Sex chromosome fragments mismap to bacterial reference genomes
Upon the F-regression showing many bacteria strongly associated with sex, we hypothesized that this was due to reads from the sex chromosomes being misclassified as bacteria. We show the male and female read counts for the bacteria most strongly associated with sex in (Fig. 4A,B). Furthermore, we found that many bacteria had abundances strongly correlated between fathers and sons from the same nuclear family (an example is shown in Fig. 4D). The Y-chromosome has a notoriously poor reference genome with only about half its sequence present in GRCh38, and also has many repeats. We hypothesize that bacteria with high correlation between father and son read counts are due to repetitive regions in the Y-chromosome being misclassified as bacterial sequences. The number of repeats is passed down the male family line, and thus would be correlated between father and son. Interestingly, we also found that many bacteria had strong correlations between mother/daughter, and father/son (but not between father/daughter or mother/son) (Fig. 4C). An example of this is shown in Fig. 4E). We hypothesize that reads mismapping to these bacteria may be coming from homologous sequences present on both X and Y chromosomes, with more repeats on the Y. Mother/daughter read counts would therefore show a mild correlation, but a father/daughter or mother/son correlation would get watered down by the large number of repeats coming from the Y-chromosome.
Regardless of inheritance mechanism, we sought to identify particular sequences leading to these problematic mismappings in order to help other researchers prevent sex-biased errors in future studies. We extracted 100-basepair sequences from the reads that mapped to any of the sex-associated bacteria. We then performed a strict paired analysis using males and females of the same autism phenotype from the same family, analyzing differences in coverage of a given 100-mer. We identified 77,647 100-mers significantly enriched with males and 369 in females (adjusted p-value < 0.05). We make these k-mers publicly available and recommend that studies susceptible to such sex-biased mismappings mask reads containing these problematic sequences.
Discussion
Many of the contaminants found in our data have been documented in other large scale genomic studies. One study42 found several phages with abundances correlated to that of phiX, similar to what we found. The authors interpreted this as contamination of the commercial preparation of phiX174. Mycoplasma contamination has been found in many cell lines43, and Bradyrhizobium was the most common contaminant found in WGS from the 1000 genomes project19. Staphylococcus, Acinetobacter, Streptococcus, and Pseudomonas have been identified as possible contaminants in several WGS studies44–46. Despite numerous studies cataloguing bacterial contamination in NGS, the same species seem to persist in sequencing contamination.

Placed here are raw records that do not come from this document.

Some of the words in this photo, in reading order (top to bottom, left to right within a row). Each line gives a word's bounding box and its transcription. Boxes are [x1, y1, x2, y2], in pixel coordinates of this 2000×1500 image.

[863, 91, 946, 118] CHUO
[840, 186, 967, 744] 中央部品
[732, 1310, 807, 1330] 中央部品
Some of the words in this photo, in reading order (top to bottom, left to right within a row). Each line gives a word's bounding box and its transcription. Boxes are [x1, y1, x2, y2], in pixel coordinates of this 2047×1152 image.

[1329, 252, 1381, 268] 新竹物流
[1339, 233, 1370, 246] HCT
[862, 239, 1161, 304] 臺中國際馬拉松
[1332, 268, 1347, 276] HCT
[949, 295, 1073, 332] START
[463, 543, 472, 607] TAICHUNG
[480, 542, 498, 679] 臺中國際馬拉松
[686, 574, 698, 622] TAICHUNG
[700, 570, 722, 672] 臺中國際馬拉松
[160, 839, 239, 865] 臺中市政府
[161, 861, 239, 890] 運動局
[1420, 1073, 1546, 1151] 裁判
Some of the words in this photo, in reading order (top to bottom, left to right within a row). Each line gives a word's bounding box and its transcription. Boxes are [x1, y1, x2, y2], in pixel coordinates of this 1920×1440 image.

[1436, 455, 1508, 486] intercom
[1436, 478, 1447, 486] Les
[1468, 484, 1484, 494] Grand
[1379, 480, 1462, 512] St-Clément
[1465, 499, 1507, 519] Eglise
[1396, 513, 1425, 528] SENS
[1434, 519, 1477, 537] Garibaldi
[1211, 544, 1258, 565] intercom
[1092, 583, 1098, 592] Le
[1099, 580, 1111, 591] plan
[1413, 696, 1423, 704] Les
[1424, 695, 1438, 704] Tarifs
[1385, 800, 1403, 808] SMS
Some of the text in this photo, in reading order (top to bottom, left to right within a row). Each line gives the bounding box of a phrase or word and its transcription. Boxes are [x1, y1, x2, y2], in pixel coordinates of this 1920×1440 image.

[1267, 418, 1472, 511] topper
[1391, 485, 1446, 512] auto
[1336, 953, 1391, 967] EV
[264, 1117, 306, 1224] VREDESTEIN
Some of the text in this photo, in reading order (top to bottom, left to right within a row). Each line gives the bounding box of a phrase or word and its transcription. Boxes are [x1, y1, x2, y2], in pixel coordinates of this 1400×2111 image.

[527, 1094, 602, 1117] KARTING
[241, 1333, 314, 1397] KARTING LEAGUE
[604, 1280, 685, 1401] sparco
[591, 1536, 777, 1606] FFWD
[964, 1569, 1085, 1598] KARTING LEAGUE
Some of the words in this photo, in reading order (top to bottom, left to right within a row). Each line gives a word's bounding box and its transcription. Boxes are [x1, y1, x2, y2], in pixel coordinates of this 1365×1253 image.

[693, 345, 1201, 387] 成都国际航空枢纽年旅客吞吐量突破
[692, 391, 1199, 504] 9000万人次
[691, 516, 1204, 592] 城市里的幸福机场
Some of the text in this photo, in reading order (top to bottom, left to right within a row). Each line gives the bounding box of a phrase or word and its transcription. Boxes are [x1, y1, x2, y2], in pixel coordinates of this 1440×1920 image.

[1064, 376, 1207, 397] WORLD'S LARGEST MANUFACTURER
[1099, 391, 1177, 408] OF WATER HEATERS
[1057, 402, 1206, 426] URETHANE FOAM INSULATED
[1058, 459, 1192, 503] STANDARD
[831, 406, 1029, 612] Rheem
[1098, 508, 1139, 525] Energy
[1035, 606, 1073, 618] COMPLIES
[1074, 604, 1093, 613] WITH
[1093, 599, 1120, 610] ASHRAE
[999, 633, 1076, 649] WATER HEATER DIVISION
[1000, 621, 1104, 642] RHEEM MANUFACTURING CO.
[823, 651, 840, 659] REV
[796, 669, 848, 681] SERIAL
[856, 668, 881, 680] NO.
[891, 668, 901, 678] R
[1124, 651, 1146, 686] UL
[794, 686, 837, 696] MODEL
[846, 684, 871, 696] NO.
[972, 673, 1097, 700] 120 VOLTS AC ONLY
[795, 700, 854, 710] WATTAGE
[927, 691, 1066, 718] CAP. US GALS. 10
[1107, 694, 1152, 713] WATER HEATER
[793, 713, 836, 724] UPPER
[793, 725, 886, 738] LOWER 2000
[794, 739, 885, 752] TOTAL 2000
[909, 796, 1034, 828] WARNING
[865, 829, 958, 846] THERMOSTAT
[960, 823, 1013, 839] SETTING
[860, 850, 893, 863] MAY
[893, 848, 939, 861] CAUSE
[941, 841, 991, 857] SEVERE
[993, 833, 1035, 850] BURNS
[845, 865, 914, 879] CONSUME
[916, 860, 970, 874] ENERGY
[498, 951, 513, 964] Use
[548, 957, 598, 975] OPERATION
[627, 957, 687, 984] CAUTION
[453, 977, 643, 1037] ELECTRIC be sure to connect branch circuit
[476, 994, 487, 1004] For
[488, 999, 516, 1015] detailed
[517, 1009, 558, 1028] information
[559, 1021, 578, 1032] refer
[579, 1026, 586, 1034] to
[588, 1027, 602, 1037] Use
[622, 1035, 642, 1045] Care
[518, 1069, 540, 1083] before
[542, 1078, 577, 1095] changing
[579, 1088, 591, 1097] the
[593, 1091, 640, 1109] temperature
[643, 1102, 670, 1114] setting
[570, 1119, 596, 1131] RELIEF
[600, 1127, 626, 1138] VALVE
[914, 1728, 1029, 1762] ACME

NGS of large case control cohorts become one of the most popular study designs in studies of human health. Whether hoping to identify variants in the human genome contributing to disease risk, gene expression profiles of particular phenotype, or understand causal effects of various microbiome signatures, one of the first steps in NGS pipelines is to typically to align raw reads to a set of reference databases. Unchecked bacterial contamination in NGS can compromise NGS in a variety of ways: In metagenomics studies, bacterial contamination from laboratory reagents can distort abundance counts of microbes in the samples14, and in the worst case can lead to spurious associations between disease and microbial signature47. In human genetics studies, contamination mismapped to the human reference genome can lead to false variant calls16, and different amounts of contamination across samples makes it difficult to maintain consistent coverage levels across samples. Decontamination software packages may help with some of these issues but special care must be taken to sequence a control sample for all combinations of sequencing plates and sample storage and prep, as these different experimental parameters have clear differences in bacterial contamination signatures. Meticulous paired study designs controlling for the potential for contamination in different steps of the pipeline (ie sequencing each case/control pair on the same plate, extracting and prepping the samples on the same timeline) may also reduce the risk of contamination causing a false association between microbial signature and disease. Regardless of study design, in studies of microbiota with low bacterial load, contamination from laboratory regents can limit identification of related low abundance microbes20. More needs to be done to understand and mitigate laboratory and reagent sources of contamination.
Poor quality reference genomes pose an additional set of risks for next gen sequencing studies. Misconstructed reference genomes that are actually chimeras of several organisms can result in incorrectly identifying which microbes are present34 and35. Incomplete reference genomes, such as the human Y chromosome, may result in mismappings from reads coming from poorly catalogued sections of genome to satisfactorily similar sequences on well-characterized reference genomes.. We have identified tens of thousands of 100-bp sequences likely originating from the sex chromosomes that mismap to bacterial contigs. It is possible these mismappings are due to poorly constructed bacterial reference genomes that actually contain human DNA sequences33, mismappings from Y chromosome reads as a result of its incomplete reference, or a combination of both. Regardless, we have made these problematic sequences available in a fasta file format. Many read masking and trimming tools, such as BBTools48,49, Trimmomatic50, and Cutadapt51, can take in a fasta file of adaptor or contaminant sequences and remove reads that contain any of the problematic sequences. We recommend metagenomics or other studies performing alignment of reads derived from a human host remove reads with these problematic sequences, in order to reduce potential sex-related artifacts. This is particularly important in studies of microbiota with low bacteria-to-host-DNA ratios, such as the blood microbiome.
Unmapped reads can constitute up to 10% of WGS data, and usually are thrown out in downstream analysis. With the wealth of WGS data that has been and continues to be generated, this unmapped read space composes several petabytes of data. We, and others45 have shown that the unmapped read space is a valuable resource for quantifying contamination that might pollute NGS studies. The unmapped read space may also be a valuable resource for better understanding the virome42,52 as well as host genetic diversity52–54, especially with the help of a well-characterized contamination profile.
The unmapped read space of WGS contains information on common contaminants of WGS. Contamination profiles depend on primarily cell source type and sequencing plate. Additionally, many sequences from the Y-chromosome mismap to bacterial contigs, creating problematic sex-biased bacteria counts. The unmapped read space is a valuable resource for better understanding ubiquitous contamination patterns in WGS.
Methods
Extracting unmapped and poorly aligned reads
We obtained Whole Genome Sequencing (WGS) data from the Hartwell Autism Research and Technology Initiative (iHART) database, which includes 4842 individuals from 1050 multiplex families in the Autism Genetic Resource Exchange (AGRE) program 1C.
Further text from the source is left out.